R v Minniecon

Case

[1995] QCA 189

19/05/1995

No judgment structure available for this case.

IN THE COURT OF APPEAL [1995] QCA 189

SUPREME COURT OF QUEENSLAND C.A. No. 85 of 1995
Brisbane
Before Fitzgerald P.
Davies J.A.
Moynihan S.J.A.

[R. v. Minniecon]

T H E Q U E E N
v.
WARREN PHILLIP MINNIECON

(Appellant)

FITZGERALD P.
DAVIES J.A.

MOYNIHAN S.J.A.

J udgment delivered 19/05/1995

REASONS FOR JUDGMENT - THE COURT

APPEAL DISMISSED.

CATCHWORDS: 

UNSAFE AND UNSATISFACTORY VERDICT - making of a false claim as an official contrary to s. 91 of the Criminal Code - whether a reasonable hypothesis consistent with the accused's innocence had not been disproved beyond reasonable doubt

Counsel:  D.R. Lynch for the Appellant
L.J. Clare for the Respondent
Solicitors:  Legal Aid Office for the Appellant
Queensland Director of Public Prosecutions for
the Respondent

Date/s of Hearing: 11/05/1995

REASONS FOR JUDGMENT - THE COURT
Judgment delivered 19/05/1995

On 3 February 1995 in the District Court at Goondiwindi, the appellant was convicted of making a false claim as an official contrary to s. 91 of the Criminal Code.
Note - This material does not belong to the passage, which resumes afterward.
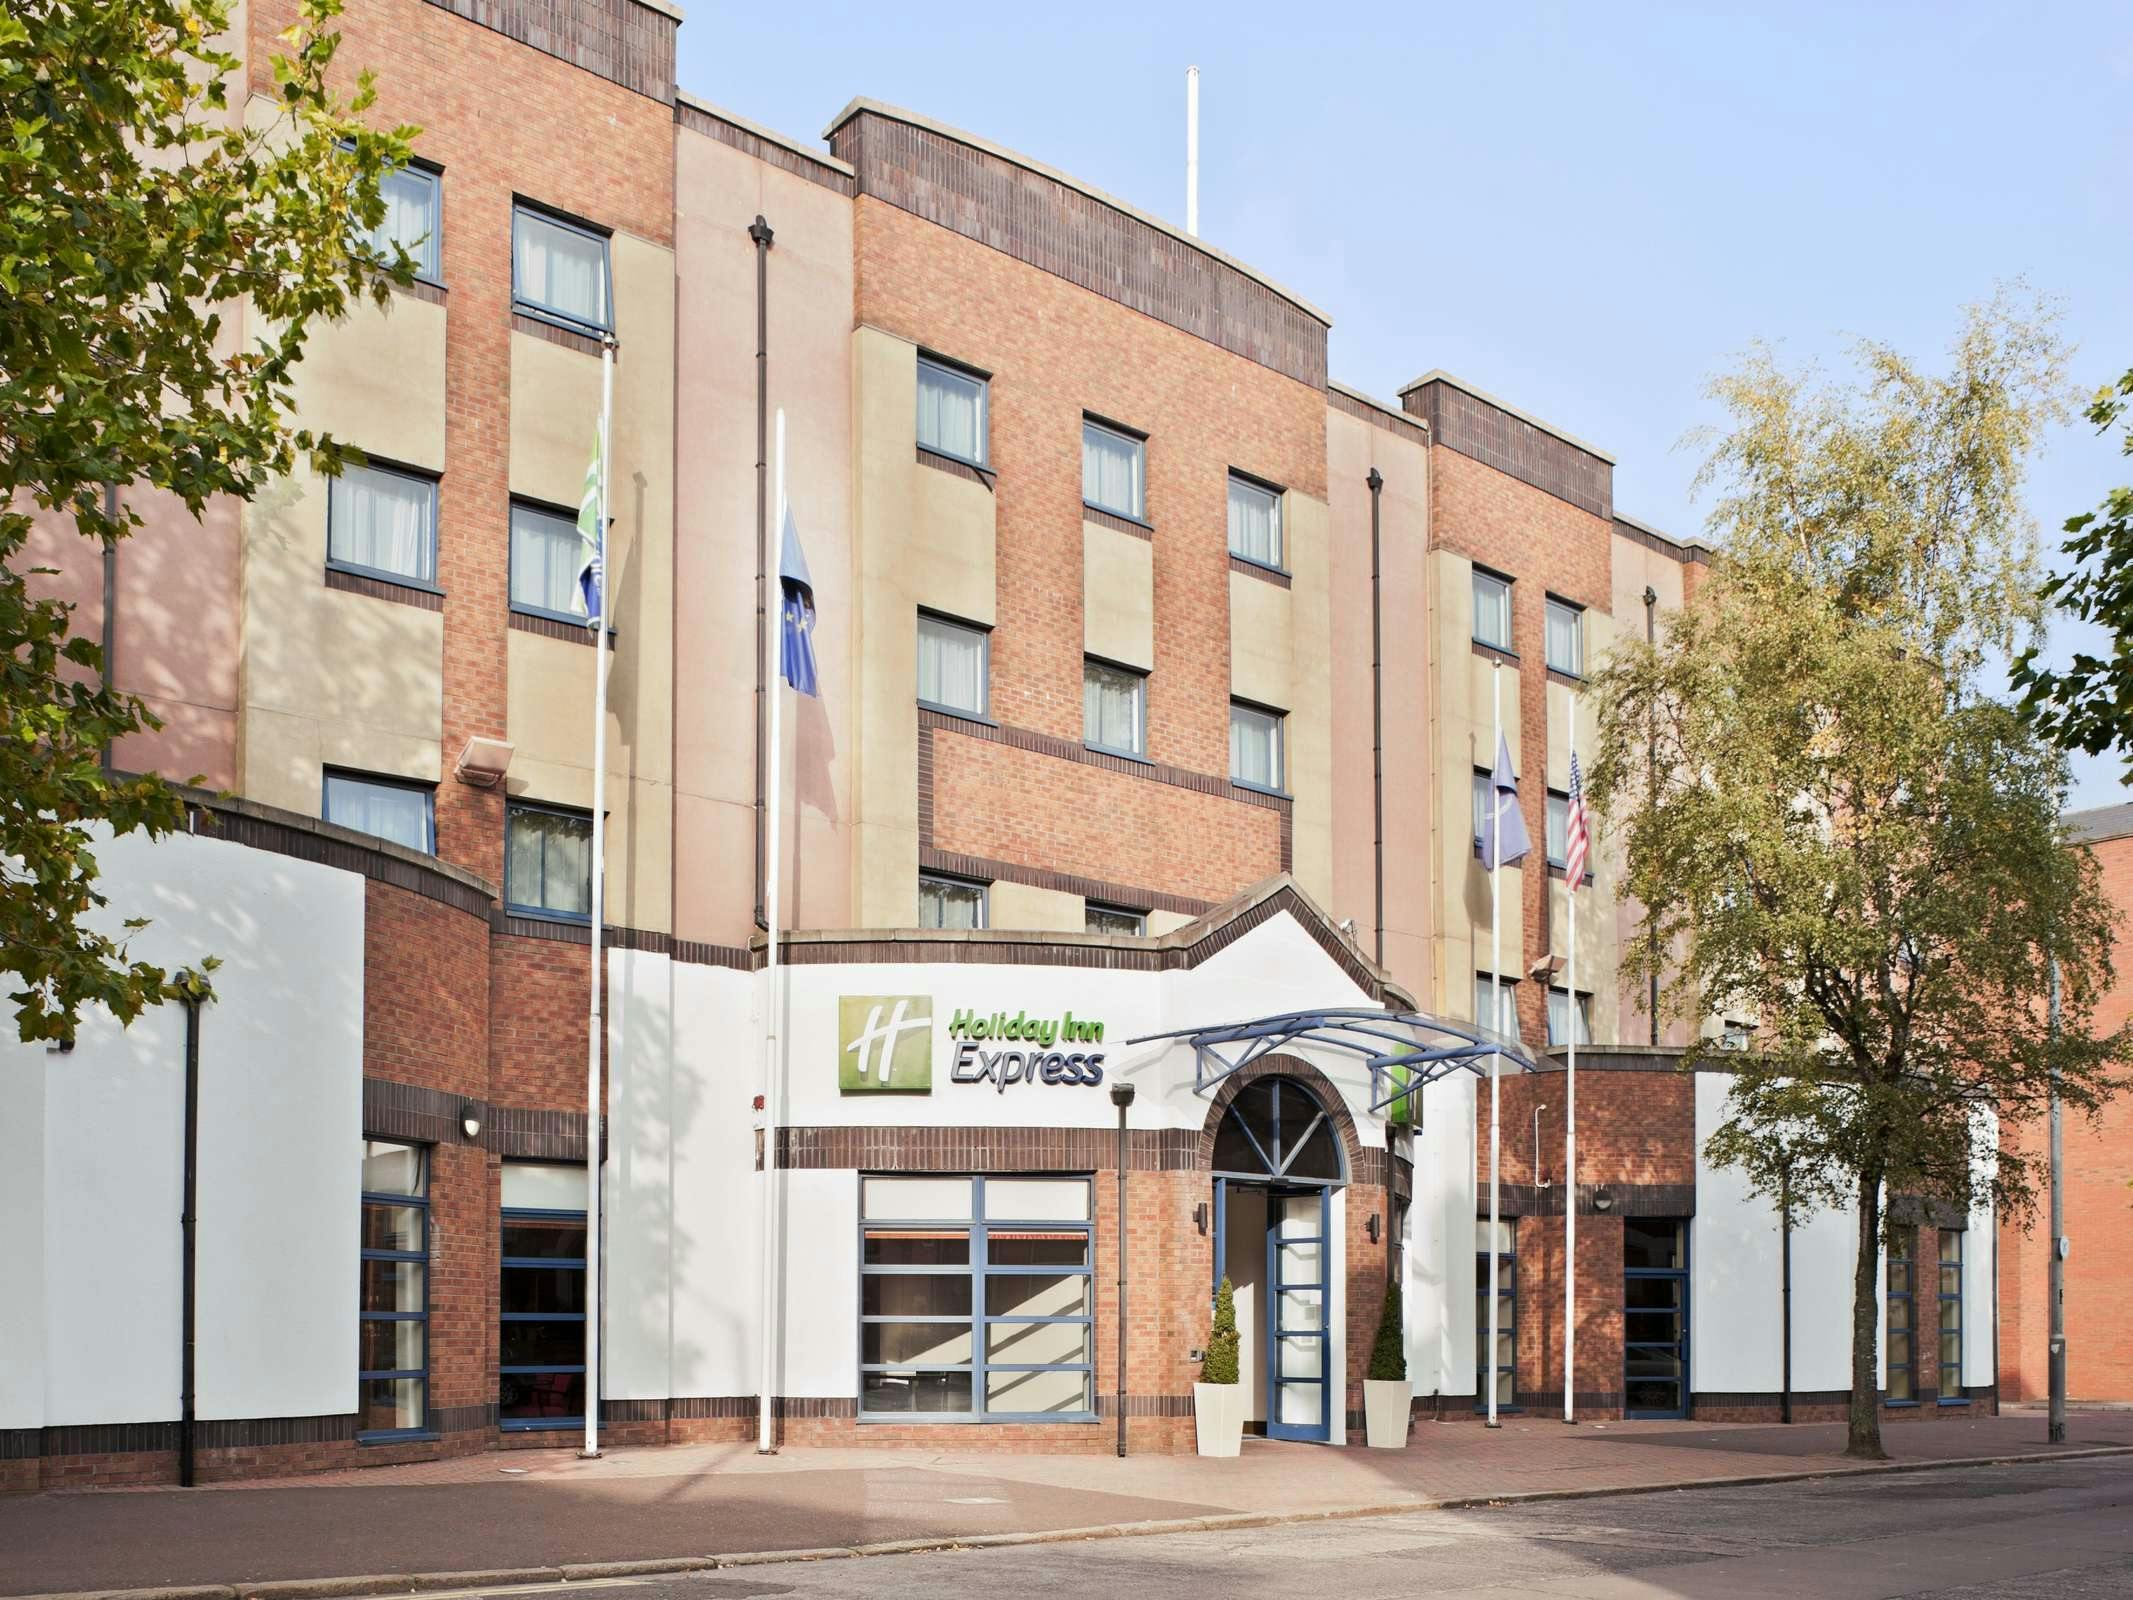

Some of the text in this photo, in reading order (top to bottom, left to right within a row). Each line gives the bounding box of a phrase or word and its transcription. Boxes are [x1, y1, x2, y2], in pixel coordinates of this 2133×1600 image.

He has appealed against his conviction, arguing only that the verdict was unsafe and unsatisfactory because a reasonable hypothesis consistent with his innocence had not been disproved beyond reasonable doubt by the prosecution.

The appellant was a cultural research officer with the Department of Education and, in that capacity, was one of a number of adults who supervised an excursion by high school students to Carnarvon Gorge between 22 and 25 October 1992. On 11 September that year, the appellant had applied to the Education Department for an advance travel allowance to meet the expected costs of the trip, but, although his application was approved, he did not receive the cheque from the Department until after he returned.
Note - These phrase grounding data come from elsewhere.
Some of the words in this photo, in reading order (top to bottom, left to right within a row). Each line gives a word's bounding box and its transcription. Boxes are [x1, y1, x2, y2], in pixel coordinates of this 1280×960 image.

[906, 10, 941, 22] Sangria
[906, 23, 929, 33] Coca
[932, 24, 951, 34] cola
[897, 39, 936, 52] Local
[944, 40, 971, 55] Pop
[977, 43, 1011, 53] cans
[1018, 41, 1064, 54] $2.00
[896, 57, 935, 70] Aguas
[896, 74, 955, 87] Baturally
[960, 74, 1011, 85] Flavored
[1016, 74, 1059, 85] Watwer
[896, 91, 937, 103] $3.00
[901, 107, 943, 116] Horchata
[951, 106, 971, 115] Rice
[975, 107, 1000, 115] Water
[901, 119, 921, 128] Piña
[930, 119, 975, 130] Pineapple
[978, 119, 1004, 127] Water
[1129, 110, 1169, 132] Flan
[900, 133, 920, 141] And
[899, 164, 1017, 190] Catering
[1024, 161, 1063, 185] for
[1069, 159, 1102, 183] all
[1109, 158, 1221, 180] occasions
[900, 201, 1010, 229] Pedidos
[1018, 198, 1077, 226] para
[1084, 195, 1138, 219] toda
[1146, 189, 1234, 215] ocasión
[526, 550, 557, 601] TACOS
In the meantime, the appellant's expenses at the Lodge where the party stayed were paid by another of the adults present with funds which had been provided to her by a student support and parent awareness group which was in turn funded by the Commonwealth Government. The appellant said that he would obtain money from the Education Department and repay the student support and parent awareness group after his return and, for that purpose, requested a separate invoice for his expenses.

After the appellant returned and received the advance travel allowance which he had earlier claimed, he banked it in his own account. Subsequently, in accordance with a Departmental requirement that travel payments in advance had subsequently to be accounted for by lodgment of an acquittal form related to expenses actually met by the person to whom the travel allowance had been paid, the appellant completed and signed such a form and lodged it on 4 November 1992. That form asserted that he had been responsible for the expenses to which the invoice related and was accompanied by the invoice which he had obtained from the Lodge. He did not inform any person in the Department of the situation or repay the student support and parent awareness group.

At his trial, the appellant gave evidence claiming that his omission to repay the group was an oversight and that, at the time he completed the acquittal form, he honestly intended to make that repayment. He related the oversight to stress which he was suffering at the time.

It was accepted by counsel for the appellant that the jury must have rejected his evidence, and no complaint was made about the judge's summing up, which effectively reduced the issue to whether or not the prosecution had established beyond reasonable doubt that the appellant did not intend to repay the money when he submitted the acquittal form.

Given the circumstances which have been referred to and a conclusion, which was open to the jury, that the appellant's critical evidence was false, it could safely convict the appellant.

Accordingly, the appeal must be dismissed.